> **Your assignment**: Would you please set down the entries below exactly as shown?

# # # #

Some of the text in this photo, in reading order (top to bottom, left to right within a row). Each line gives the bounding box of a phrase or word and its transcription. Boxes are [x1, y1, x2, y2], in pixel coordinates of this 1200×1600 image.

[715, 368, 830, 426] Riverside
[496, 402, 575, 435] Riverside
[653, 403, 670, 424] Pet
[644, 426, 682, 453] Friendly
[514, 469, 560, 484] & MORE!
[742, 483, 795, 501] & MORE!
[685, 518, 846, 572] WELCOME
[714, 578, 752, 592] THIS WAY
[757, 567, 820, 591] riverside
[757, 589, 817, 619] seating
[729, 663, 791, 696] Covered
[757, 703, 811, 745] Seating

# # # #

> **Output for this task**:
Some of the text in this photo, in reading order (top to bottom, left to right within a row). Each line gives the bounding box of a phrase or word and its transcription. Boxes are [x1, y1, x2, y2], in pixel coordinates of this 1200×1600 image.

[715, 368, 830, 426] Riverside
[496, 402, 575, 435] Riverside
[653, 403, 670, 424] Pet
[644, 426, 682, 453] Friendly
[514, 469, 560, 484] & MORE!
[742, 483, 795, 501] & MORE!
[685, 518, 846, 572] WELCOME
[714, 578, 752, 592] THIS WAY
[757, 567, 820, 591] riverside
[757, 589, 817, 619] seating
[729, 663, 791, 696] Covered
[757, 703, 811, 745] Seating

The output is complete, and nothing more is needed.